Items listed in a dataset:

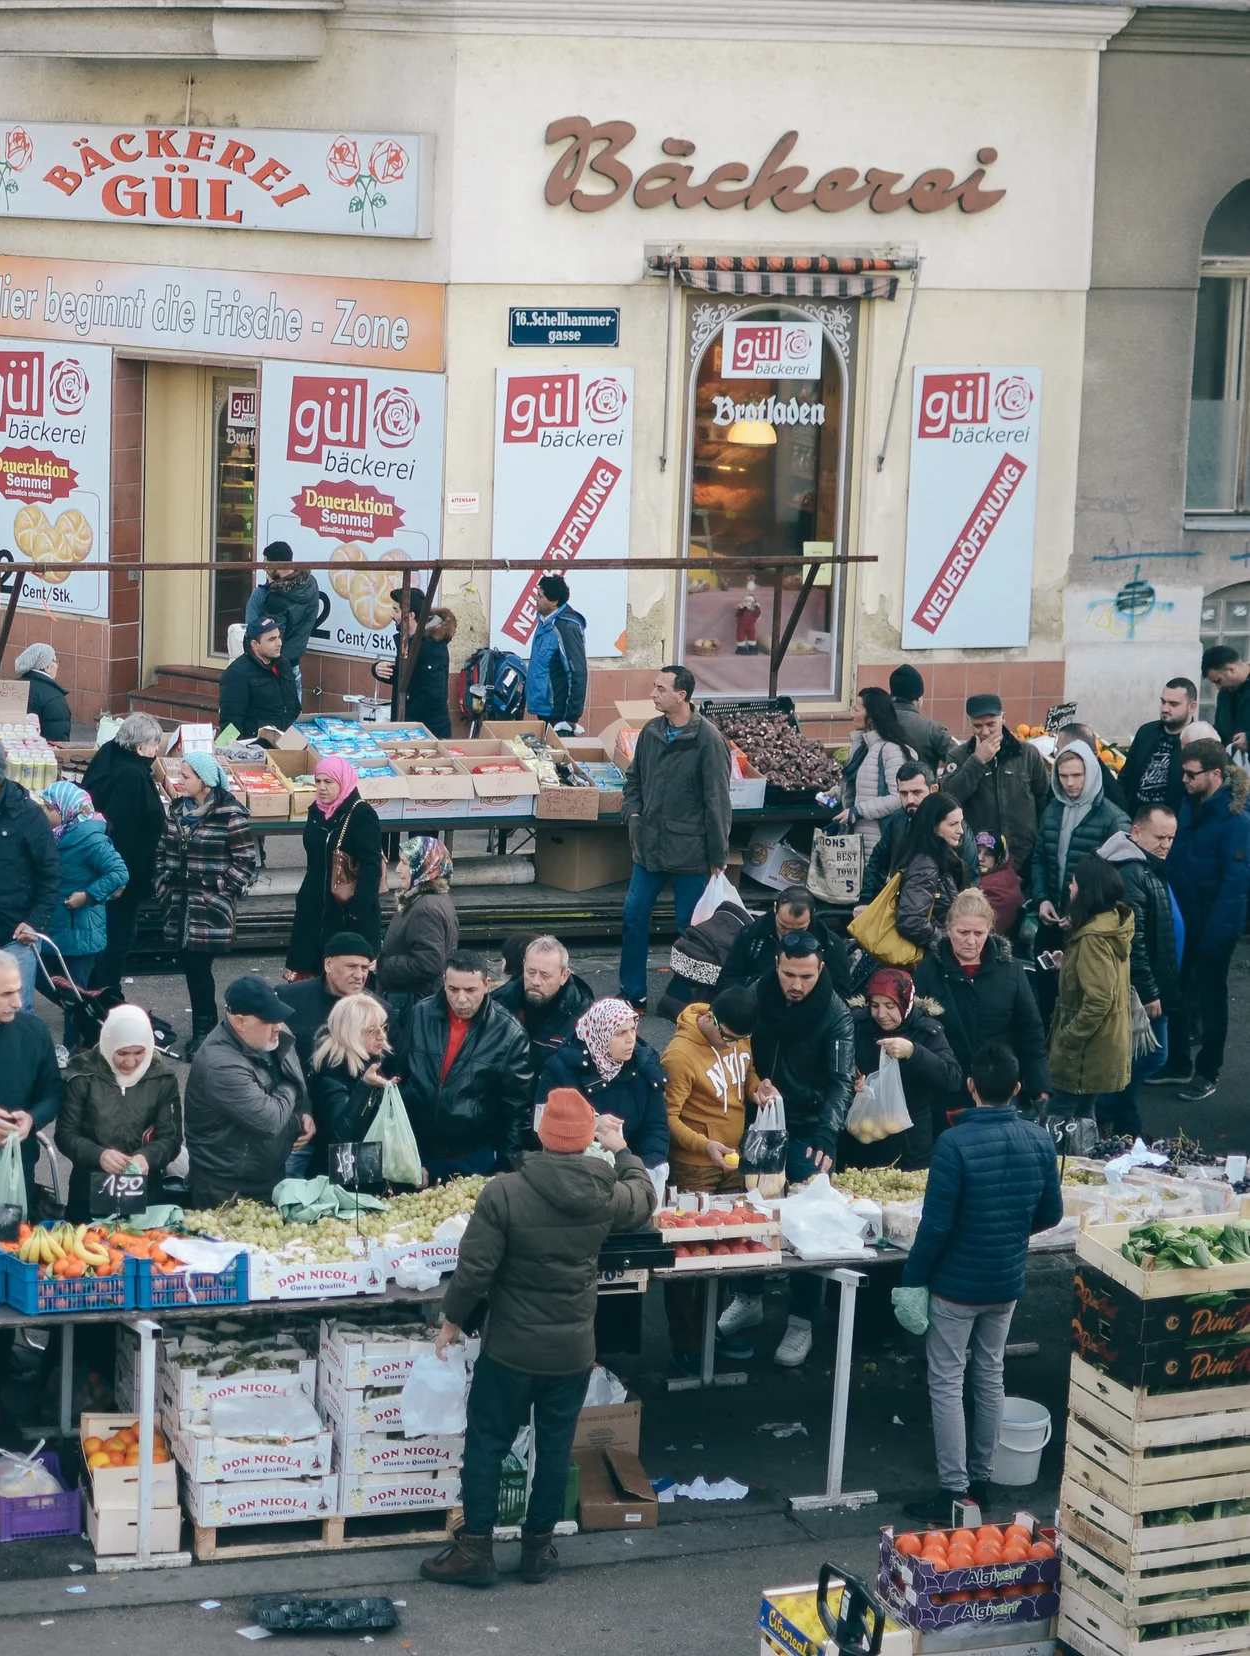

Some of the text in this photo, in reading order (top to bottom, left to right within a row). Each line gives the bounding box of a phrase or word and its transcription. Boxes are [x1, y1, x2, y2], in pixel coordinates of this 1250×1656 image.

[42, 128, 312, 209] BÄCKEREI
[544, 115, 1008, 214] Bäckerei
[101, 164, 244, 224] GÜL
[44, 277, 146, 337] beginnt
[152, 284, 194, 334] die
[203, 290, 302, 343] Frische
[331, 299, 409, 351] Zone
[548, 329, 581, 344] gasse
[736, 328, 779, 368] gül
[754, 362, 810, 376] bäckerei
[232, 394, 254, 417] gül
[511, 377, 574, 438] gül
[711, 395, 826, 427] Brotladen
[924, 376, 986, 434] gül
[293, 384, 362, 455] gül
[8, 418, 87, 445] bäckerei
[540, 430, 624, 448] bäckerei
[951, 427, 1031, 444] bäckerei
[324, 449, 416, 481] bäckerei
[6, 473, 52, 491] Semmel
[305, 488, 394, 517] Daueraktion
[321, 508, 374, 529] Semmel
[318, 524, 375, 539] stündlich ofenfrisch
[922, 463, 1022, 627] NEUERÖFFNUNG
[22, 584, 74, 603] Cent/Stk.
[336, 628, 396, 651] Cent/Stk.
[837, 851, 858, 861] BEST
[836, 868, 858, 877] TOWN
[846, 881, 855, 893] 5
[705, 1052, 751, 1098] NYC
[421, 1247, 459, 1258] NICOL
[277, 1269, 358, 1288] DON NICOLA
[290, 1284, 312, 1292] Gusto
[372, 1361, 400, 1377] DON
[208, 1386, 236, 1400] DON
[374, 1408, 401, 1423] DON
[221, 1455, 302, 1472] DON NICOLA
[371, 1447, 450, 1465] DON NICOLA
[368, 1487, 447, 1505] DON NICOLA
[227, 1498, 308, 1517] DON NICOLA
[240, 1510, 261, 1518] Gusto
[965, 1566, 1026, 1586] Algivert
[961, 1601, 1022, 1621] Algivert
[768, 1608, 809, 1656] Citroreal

Task requirements:
The records above must be copied exactly, with no pictures carried over.

Completed exercise:
Some of the text in this photo, in reading order (top to bottom, left to right within a row). Each line gives the bounding box of a phrase or word and its transcription. Boxes are [x1, y1, x2, y2], in pixel coordinates of this 1250×1656 image.

[42, 128, 312, 209] BÄCKEREI
[544, 115, 1008, 214] Bäckerei
[101, 164, 244, 224] GÜL
[44, 277, 146, 337] beginnt
[152, 284, 194, 334] die
[203, 290, 302, 343] Frische
[331, 299, 409, 351] Zone
[548, 329, 581, 344] gasse
[736, 328, 779, 368] gül
[754, 362, 810, 376] bäckerei
[232, 394, 254, 417] gül
[511, 377, 574, 438] gül
[711, 395, 826, 427] Brotladen
[924, 376, 986, 434] gül
[293, 384, 362, 455] gül
[8, 418, 87, 445] bäckerei
[540, 430, 624, 448] bäckerei
[951, 427, 1031, 444] bäckerei
[324, 449, 416, 481] bäckerei
[6, 473, 52, 491] Semmel
[305, 488, 394, 517] Daueraktion
[321, 508, 374, 529] Semmel
[318, 524, 375, 539] stündlich ofenfrisch
[922, 463, 1022, 627] NEUERÖFFNUNG
[22, 584, 74, 603] Cent/Stk.
[336, 628, 396, 651] Cent/Stk.
[837, 851, 858, 861] BEST
[836, 868, 858, 877] TOWN
[846, 881, 855, 893] 5
[705, 1052, 751, 1098] NYC
[421, 1247, 459, 1258] NICOL
[277, 1269, 358, 1288] DON NICOLA
[290, 1284, 312, 1292] Gusto
[372, 1361, 400, 1377] DON
[208, 1386, 236, 1400] DON
[374, 1408, 401, 1423] DON
[221, 1455, 302, 1472] DON NICOLA
[371, 1447, 450, 1465] DON NICOLA
[368, 1487, 447, 1505] DON NICOLA
[227, 1498, 308, 1517] DON NICOLA
[240, 1510, 261, 1518] Gusto
[965, 1566, 1026, 1586] Algivert
[961, 1601, 1022, 1621] Algivert
[768, 1608, 809, 1656] Citroreal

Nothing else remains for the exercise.